Myristic acid (hereinafter referred to as MA, IUPAC name: myristic acid, molecular formula: CH3(CH2)12COOH, CAS #: 544-63-8) is a saturated fatty acid, mainly present in cardamom oil, coconut oil and palm kernel oil. The effects of MA on hippocampal neurons and brain aging have not been reported.
Disclosure of Invention
Based on the above, the invention aims to provide the application of myristic acid in preparing a medicament for resisting brain aging. Myristic acid is effective in improving the exploration ability, spatial memory and hippocampus aging of naturally aging mice.
In order to achieve the purpose, the invention adopts the following technical scheme.
Application of myristic acid in preparing medicine for resisting brain aging is provided.
In some embodiments, the drug may improve spatial memory.
In some embodiments, the drug may enhance exploratory ability.
In some embodiments, the brain aging is hippocampus aging.
In some embodiments, the medicament may improve hippocampal neuronal degeneration.
In some embodiments, the drug can increase the number of niemann-positive cells in the hippocampus.
In some embodiments, the drug may reduce the expression of p16Ink4a in hippocampus.
The invention also provides application of myristic acid in preparation of a medicine for treating Alzheimer disease.
The invention also provides application of myristic acid in preparation of a medicine for treating brain atrophy.
The invention also provides a medicament for resisting brain aging, which comprises myristic acid and a pharmaceutically acceptable carrier.
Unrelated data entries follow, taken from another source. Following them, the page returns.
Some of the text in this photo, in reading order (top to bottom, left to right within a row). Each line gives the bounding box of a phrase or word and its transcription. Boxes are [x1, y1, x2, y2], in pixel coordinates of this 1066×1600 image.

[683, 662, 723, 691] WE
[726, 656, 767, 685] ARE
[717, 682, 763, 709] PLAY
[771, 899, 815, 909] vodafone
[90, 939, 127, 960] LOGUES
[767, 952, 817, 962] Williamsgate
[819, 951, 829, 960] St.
The invention discovers that myristic acid can effectively improve the exploration capacity and the spatial memory of a naturally aging mouse, improve the degeneration of hippocampus neurons, increase the percentage of hippocampus nissl positive cells and reduce hippocampus aging marker proteins P16 and P21. Thus, myristic acid is effective against brain aging, and can be used for treating brain aging and brain aging-related diseases, including Alzheimer's disease and brain atrophy.
Drawings
FIG. 1 shows the results of the evaluation of the exploratory ability and spatial memory ability of MA-treated naturally aging mice; wherein, A: naturally aging mice (22M) and MA intervention group (MA +22M) open field test parameters, P < 0.05; b: a Morris water maze track diagram from 1d to 4d, and a positioning navigation test; 5d, space exploration test; c: morris water maze escape latency,. P <0.01 and. P < 0.001; d: number of platform crossings by Morris water maze experiment,. P < 0.05.
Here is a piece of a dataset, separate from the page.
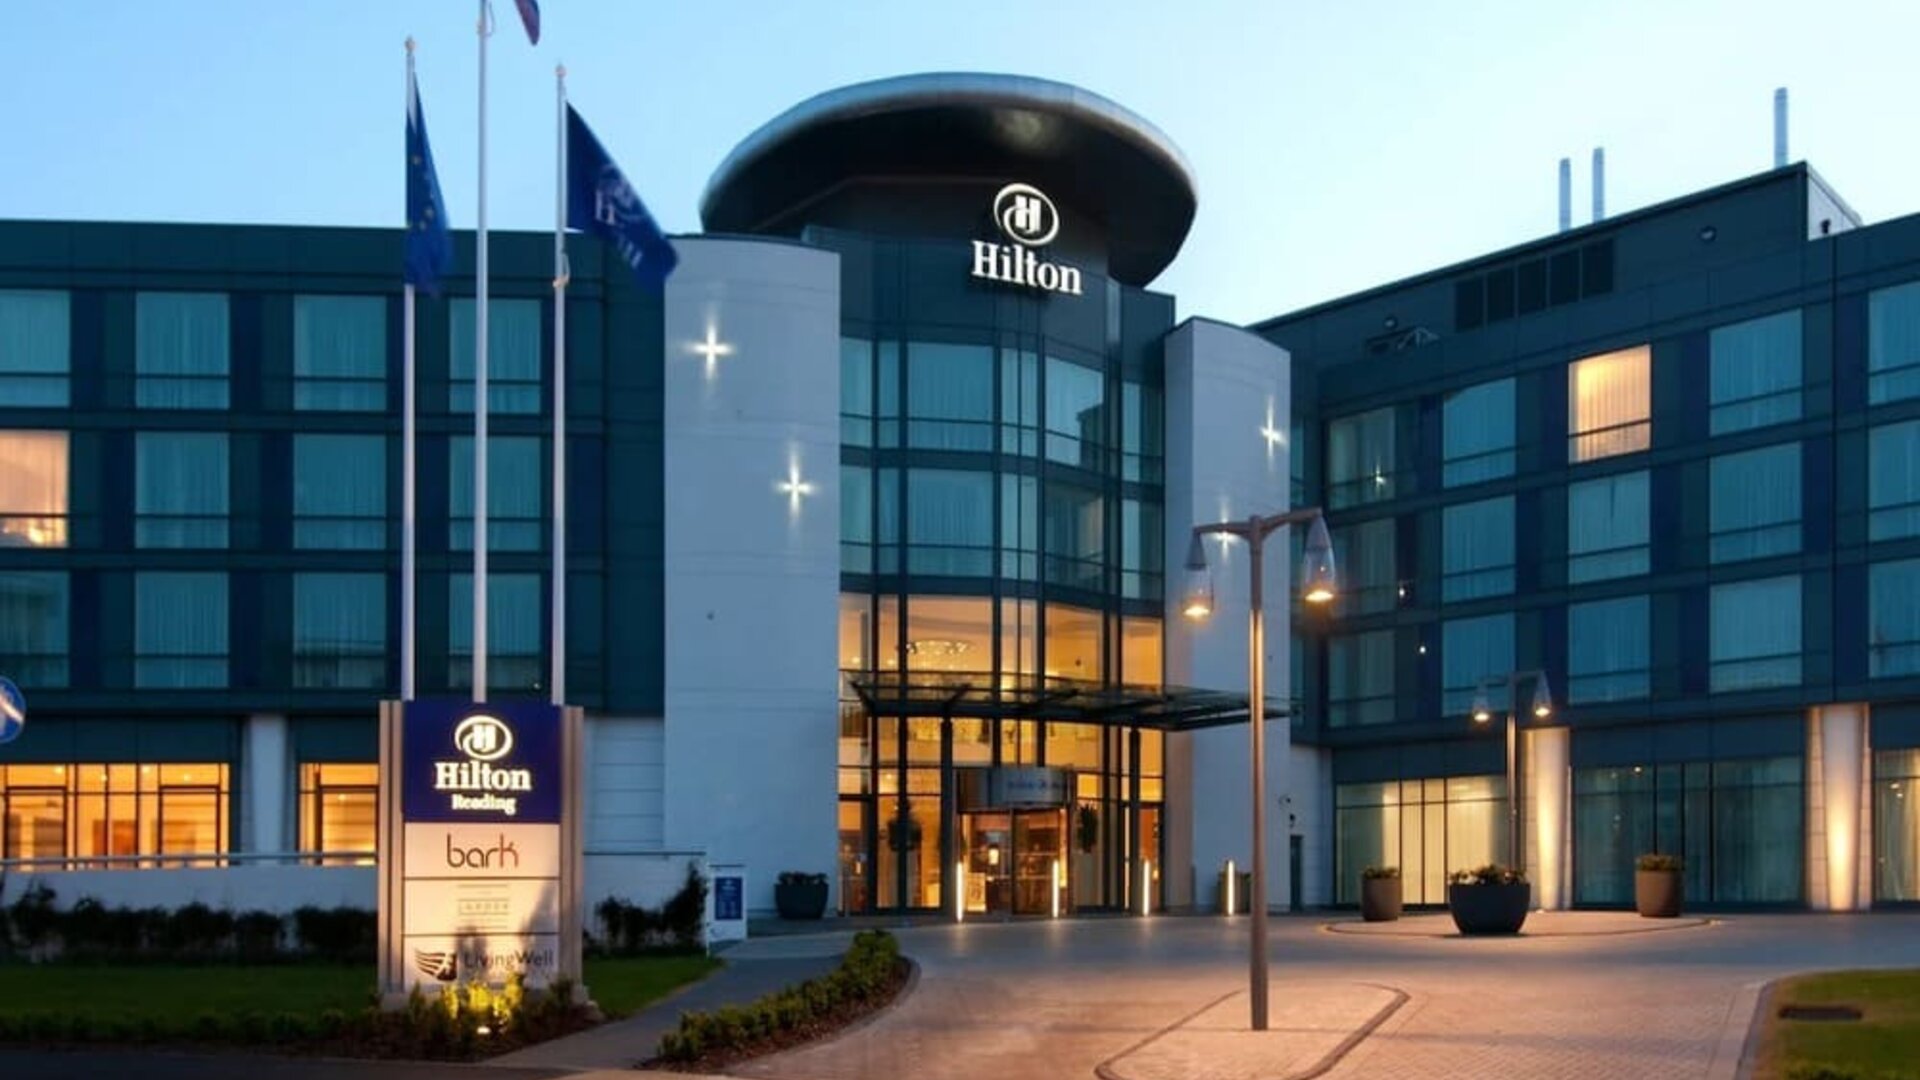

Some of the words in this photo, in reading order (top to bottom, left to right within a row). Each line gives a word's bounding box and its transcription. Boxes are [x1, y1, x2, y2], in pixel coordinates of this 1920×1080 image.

[971, 239, 1082, 296] Hilton
[434, 760, 532, 791] Hilton
[452, 793, 517, 816] Reading
[446, 833, 520, 869] bark
FIG. 2 shows the result of MA treatment for the evaluation of the morphology of the hippocampus and the aging index of the spontaneously aging mice; wherein, A: h & E and niemann staining of hippocampus; B-C: number of hippocampus ni positive cells and neuronal degeneration rate, # P < 0.01; d: IHC shows an under-mirror image of hippocampus senescence markers P16 and P21; E-F: relative quantification of IHC for aging markers P16 and P21, × P < 0.01.
Detailed Description
Experimental procedures according to the invention, in which no particular conditions are specified in the following examples, are generally carried out under conventional conditions, or under conditions recommended by the manufacturer. The various chemicals used in the examples are commercially available.
Unless defined otherwise, all technical and scientific terms used herein have the same meaning as commonly understood by one of ordinary skill in the art to which this invention belongs. The terminology used in the description of the invention herein is for the purpose of describing particular embodiments only and is not intended to be limiting of the invention.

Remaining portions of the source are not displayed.